Le héros sacrifie tout pour les valeurs qu'il défend. Il remonte le moral et soude le groupe. Mais son rôle est-il pour autant toujours positif ?


Qu'est-ce qu'un héros ? Un personnage exceptionnel par son courage plus que par sa réussite (c'est la différence avec un entrepreneur), et par ses actes plus que par ses œuvres (c'est la différence avec un génie). Il est un être humain (s'il était un dieu ou un demi-dieu, il aurait moins de mérite…) bien plus fort que nous et que nos semblables, capable d'accomplir des actions hors de portée des autres hommes. Il existe des héros victorieux et des perdants héroïques : le héros n'est pas assigné à la réussite, mais au courage ou au sacrifice. Car, comme le saint, il est prêt à sacrifier son confort, son bonheur et sa vie aux valeurs qu'il défend (justice, honneur, liberté…).


Mais au-delà des combats qu'il mène en pleine lumière, à quoi sert un héros dans les coulisses de notre esprit ? Le psychiatre Boris Cyrulnik se pose cette question et rappelle qu'on retrouve des héros à la naissance de toute culture humaine. Il cite l'écrivain René Étiemble : L'épopée qui relate des destins héroïques apparaît à l'aube historique lorsqu'un groupe prend conscience de lui-même, crée ses modèles et se célèbre à travers eux. De fait, il n'y a de héros que lorsqu'il y a héroïsation par les récits culturels.


L'Histoire regorge de héros authentiques dont le courage n'a jamais été reconnu officiellement : ils n'auront été que des humains courageux, tombés dans l'oubli. Cyrulnik raconte ainsi la vie de Chérif Mécheri, français d'origine algérienne et préfet de Limoges durant l'Occupation, s'insurgeant contre les violences de l'armée allemande, protégeant les Juifs, refusant les compromissions avec l'occupant et les antisémites, et qui finit assassiné par la Milice ; son histoire est quasi inconnue du grand public, car il n'a jamais été héroïsé. À l'inverse, l'Histoire est remplie de héros contestables, comme l'est aux États-Unis le général Custer, qui conduisit pourtant, par orgueil et aveuglement, tout son corps d'armée au massacre face à une coalition indienne.
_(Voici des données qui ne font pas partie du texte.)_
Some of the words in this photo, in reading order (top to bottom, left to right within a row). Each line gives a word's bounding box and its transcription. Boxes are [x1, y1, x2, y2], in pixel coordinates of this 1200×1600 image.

Les héros sont ainsi construits et chéris par leurs groupes sociaux d'appartenance, car ils y jouent une fonction importante. Qui est souvent de remonter le moral des individus et de forger une identité au collectif. C'est pourquoi on a besoin des héros dans l'adversité et la difficulté.


Forger une identité au groupe


Vercingétorix, par exemple, chef gaulois vaincu par César, devint un des héros du panthéon républicain après la cuisante défaite de 1870 face à l'Allemagne : la Troisième République naissante avait besoin d'héroïser un glorieux vaincu, à son image… En temps de paix, les héros ont moins de possibilités de faire carrière et sont moins indispensables. Nous nous contentons alors de stars : celles-ci ne font rien d'héroïque, mais réussissent dans leur boulot, qu'il s'agisse de sportifs, de chanteurs, d'acteurs de cinéma ou d'entrepreneurs ; elles ne sauvent personne, sauf de l'ennui, et encore…
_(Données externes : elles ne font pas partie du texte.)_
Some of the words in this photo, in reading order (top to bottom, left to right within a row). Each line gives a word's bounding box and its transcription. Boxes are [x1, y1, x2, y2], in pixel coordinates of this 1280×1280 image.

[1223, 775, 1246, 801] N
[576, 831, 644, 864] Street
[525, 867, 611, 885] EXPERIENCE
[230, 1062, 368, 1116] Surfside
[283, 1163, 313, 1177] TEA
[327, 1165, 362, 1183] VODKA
Mais une autre question peut, et doit, être posée à propos des héros : peuvent-ils jouer un rôle négatif ? C'est ce que suggère Cyrulnik : Dites-moi quels sont vos héros, je vous dirai de quoi vous souffrez. En effet, le premier problème qu'engendrent parfois les héros, c'est le choix de leurs idéaux, s'ils sont par exemple ceux d'une totale pureté raciale ou d'une soumission religieuse du plus grand nombre. Hitler était un héros pour une partie du peuple allemand. Et l'ennui, c'est qu'un héros, on le suit, de près ou de loin ! Au minimum, on approuve ses actions, on s'identifie à lui ; au maximum, on essaye de lui ressembler, de l'imiter, et on lui obéit aveuglément…
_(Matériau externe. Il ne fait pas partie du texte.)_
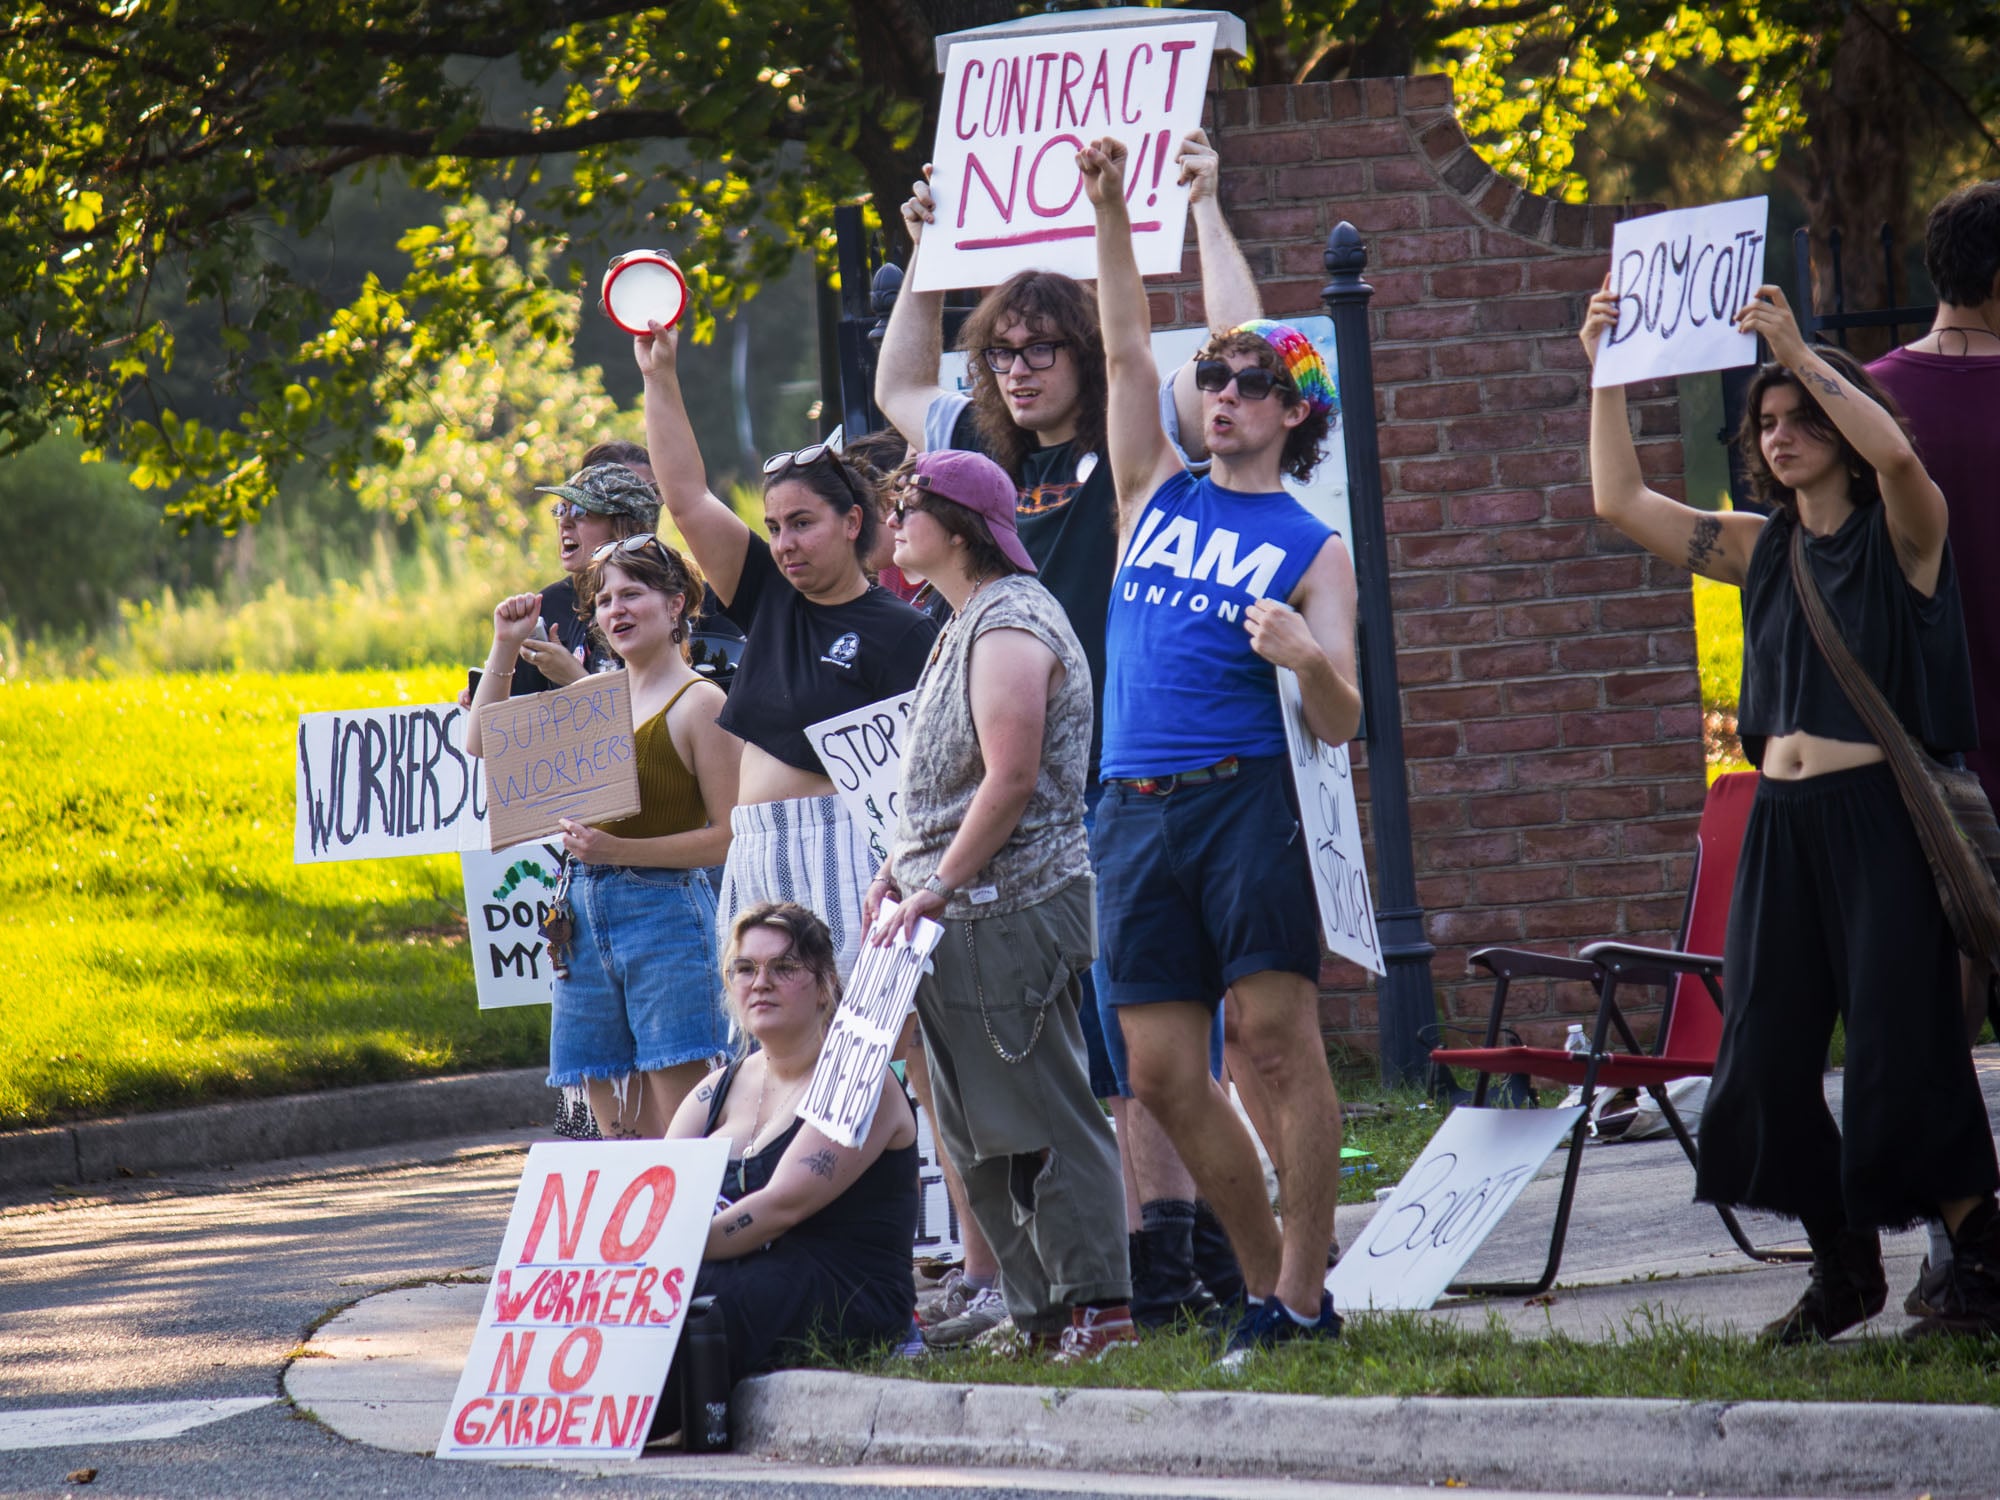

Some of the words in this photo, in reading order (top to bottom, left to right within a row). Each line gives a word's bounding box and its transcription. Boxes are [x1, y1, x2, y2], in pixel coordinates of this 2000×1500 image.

Un autre problème est celui des moyens nécessaires pour conduire une épopée héroïque : un héros affronte de grands dangers, donc il ne doit pas hésiter à utiliser de grands moyens, comme de recourir à la violence extrême. Enfin, un dernier danger lié à l'héroïsation, c'est que le héros a pour mission de défendre ou de relever l'honneur de son groupe social ou culturel d'appartenance. Pour ce faire, il doit désigner des adversaires, des ennemis, ne partageant pas les mêmes valeurs. Un héros n'est héros que pour un groupe humain bien précis, il n'est pas universel. Lorsqu'un peuple ou un groupe culturel est vaincu ou se sent humilié, le risque est grand qu'il aspire à avoir des héros le représentant et le vengeant.


En raison de tous ces risques liés à une valorisation excessive des héros, l'historien Todorov, dans son ouvrage Les Insoumis, préfère célébrer les personnes qu'il nomme des insoumis, et dont il décrit les caractéristiques : ces individus ne cherchent pas à être des héros, mais refusent de se soumettre à ce que leur morale réprouve ; et ils sont réticents à désigner des ennemis, mais s'attachent seulement à dénoncer, à nommer le mal en cause et à le combattre.


Les héros modernes, insoumis, doivent être protégés


Moins héroïques, plus humains, les insoumis sont pour Todorov les nouveaux modèles à admirer et à suivre. Mais aussi à protéger : refusant de recourir à la violence, ces personnes sont exposées aux rétorsions agressives de ceux contre qui elles se dressent. C'est le cas dans les affaires Wikileaks et Luxleaks. Les lanceurs d'alerte qui ont dénoncé ces abus et malversations politiques ou financières se trouvent dans une position difficile, car menacés non pas de mort mais d'autres risques bien réels : procès interminables, ruine et prison.


Le pire que l'on puisse légalement infliger à quelqu'un en démocratie. En temps de paix, méfions-nous donc des héros et protégeons les insoumis…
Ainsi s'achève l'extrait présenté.